I personally liked format. I liked the fast pace & getting done early. I like the I like that players had to stay by their machines because it meant that they were going off and smoking and delaying the tournament. At first didn’t like the idea that I couldn’t keep track of where I was in each of the 3 games, but that soon became something that didn’t really bother me. Yeah sometimes you’re waiting for one person to finish his/her ball, but, if you were playing a 3 person game, aren’t you going to have to wait for, and watch that person play their ball? I didn’t experience anyone playing out of turn in my groups.

wait wait… I have a name in mind… S… :slight_smile:

I would probably never use this format solely because there is no social aspect to it at all.

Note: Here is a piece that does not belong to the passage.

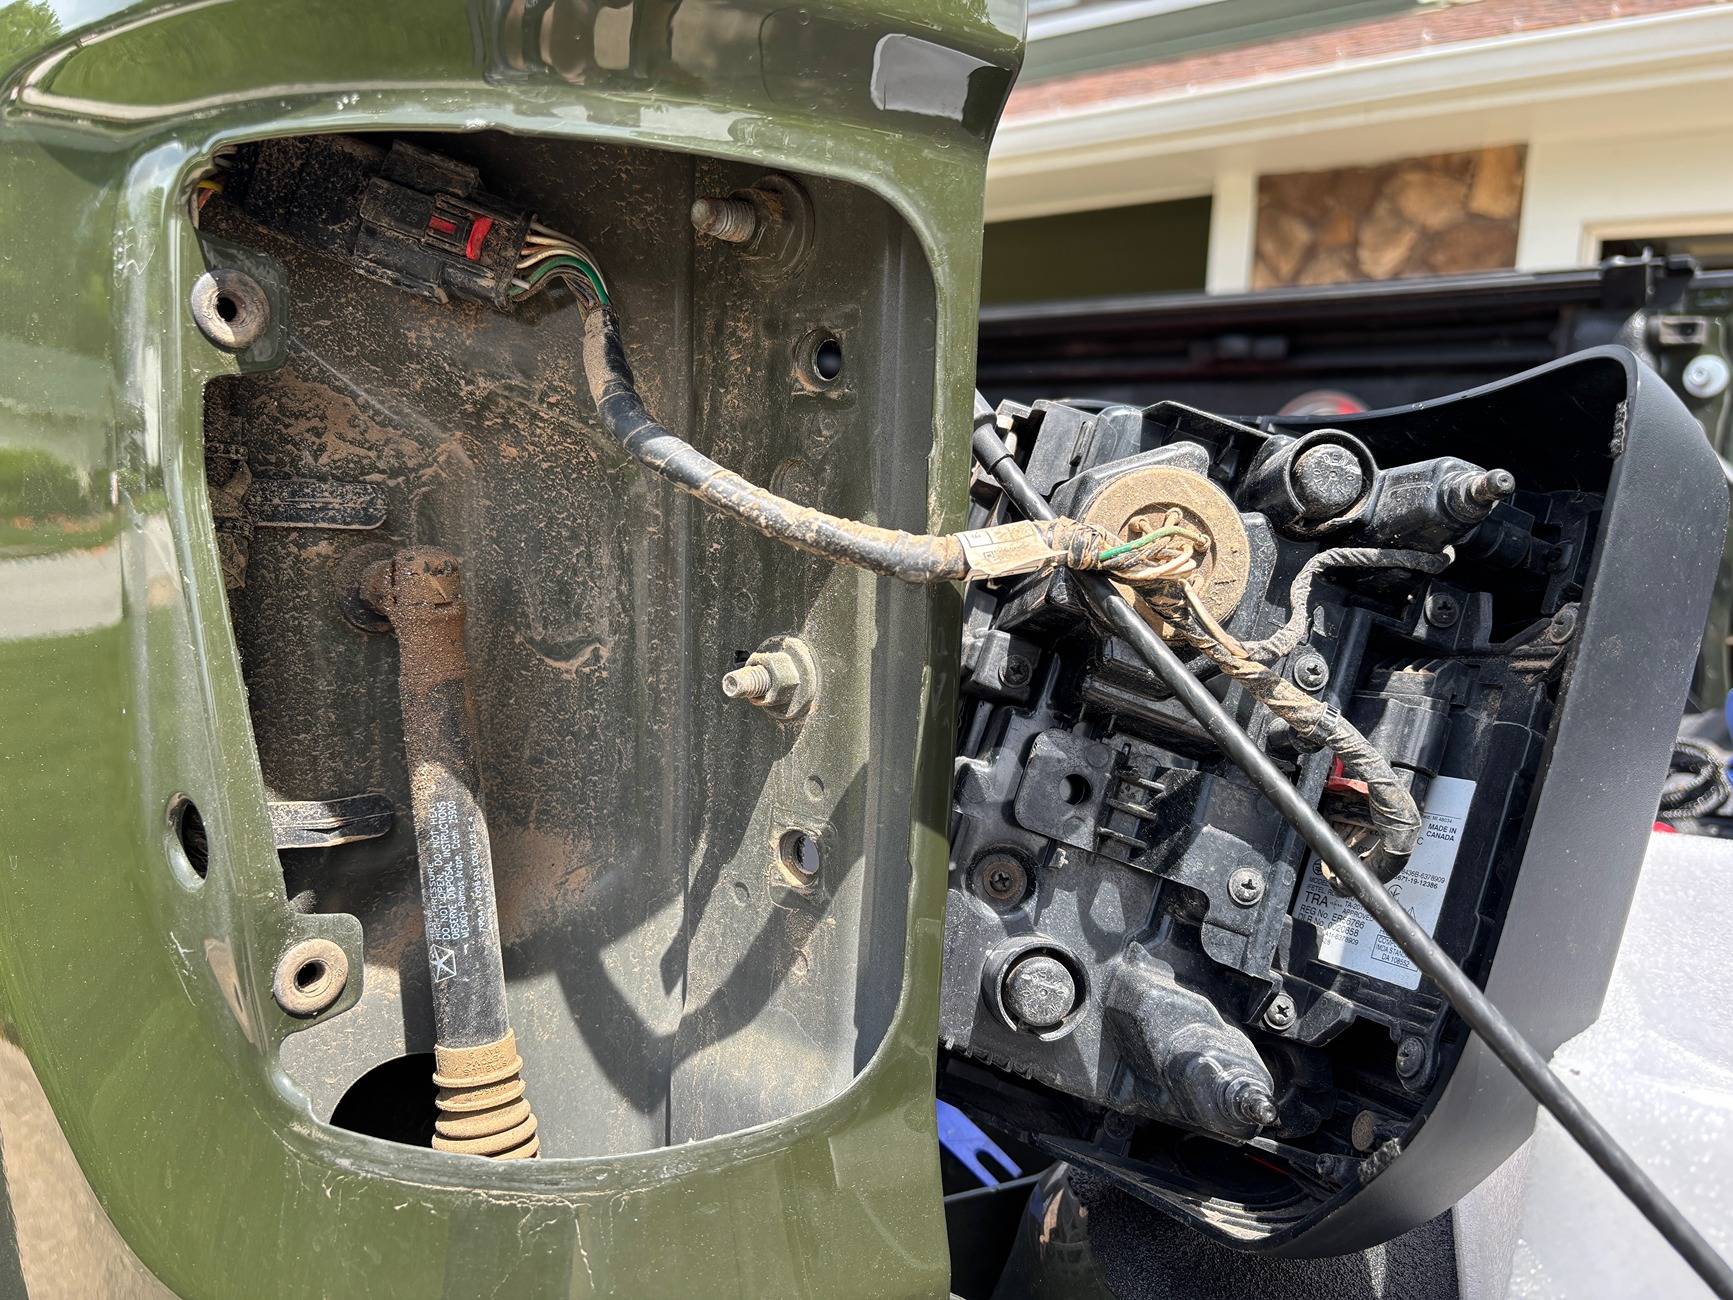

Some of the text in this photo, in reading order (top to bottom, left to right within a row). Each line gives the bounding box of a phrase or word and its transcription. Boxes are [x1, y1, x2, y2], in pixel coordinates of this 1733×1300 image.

But it does seem to be a good option for faster, more valuable tournaments.

Love the ‘getting done before 1’ thing too, but it’s not a given. Last 8 bit event I went to the semi-finals didn’t start until past midnight. Knowing how long it’d be before the whole thing wrapped up, I kinda half-played the semis cause I was pretty much ready to call it a night. That round didn’t end till 12:45. To be fair, there were some mistake games included in the early rounds that just dragged the whole thing down (they were removed from the tourney after the first rounds). So, game selection does still matter.

Another con, in my opinion, is a lot less of a sense of what one needs to do to advance/win. It can be pretty difficult to follow each players’ current status, both in the round and in the game, to get a sense of standing. I do think that could even be seen as a pro by many as they can just play and not worry, so to each their own.

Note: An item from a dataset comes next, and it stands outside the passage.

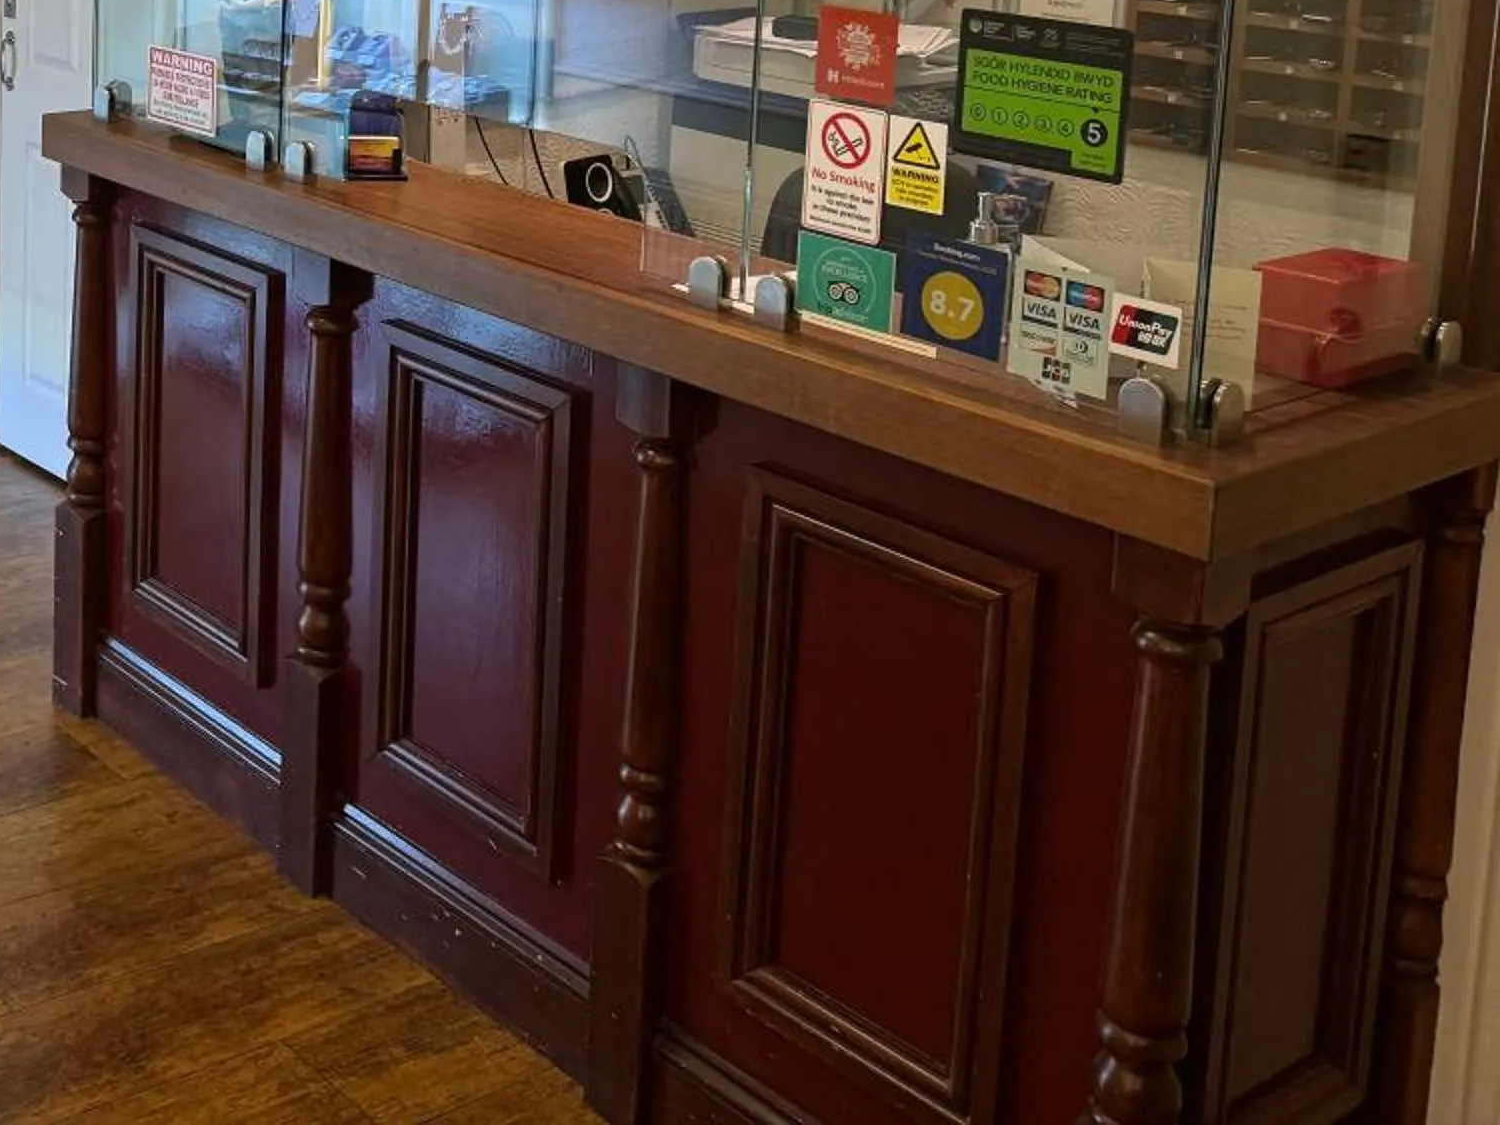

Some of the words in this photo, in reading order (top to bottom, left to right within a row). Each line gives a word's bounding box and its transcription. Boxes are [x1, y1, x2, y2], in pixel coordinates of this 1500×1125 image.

I like it, but in moderation.

Regarding the lack of socializing, it’s not true.

There ends up being plenty of time to talk to group-mates, in my experience.

The lack of any supervision of play makes this a no-go for regional or bigger tournaments, in my opinion.

The main reason of the delay during our monthly "mixed Match Play qualifier with Multi Play finals is… the Match play portion and not the Multi Play. If I recall correctly, it relates to one of my previous comment, when we got a “random” group of 4 “strong” Players on a slow machine (BK2K…). Their one game (weren’t you on that group @MikeCP?) nearly took a whole hour, twice as much as most of the other group…
Random group players matchup and assigned machines have a HUGE impact on MatchPlay. We are lucky that this location had enough machines so the “slower” one could get removed but it isn’t always the case.

Fire and BK2K should definitely have not been in the line up for this format, on an evening night. They will not be again, this was our longest and latest event but to be fair this still finished earlier than the usual Wednesday 3 strikes :slight_smile:

To far off the beaten path for my tastes. This would be like MLB announcing a new rule that batters would only face one pitch at a time from the pitcher, then sit down (if they didn’t get a hit) so that the next two batters can take a pitch. Ruins continuity and rhythm. I might try it for fun, but not for money.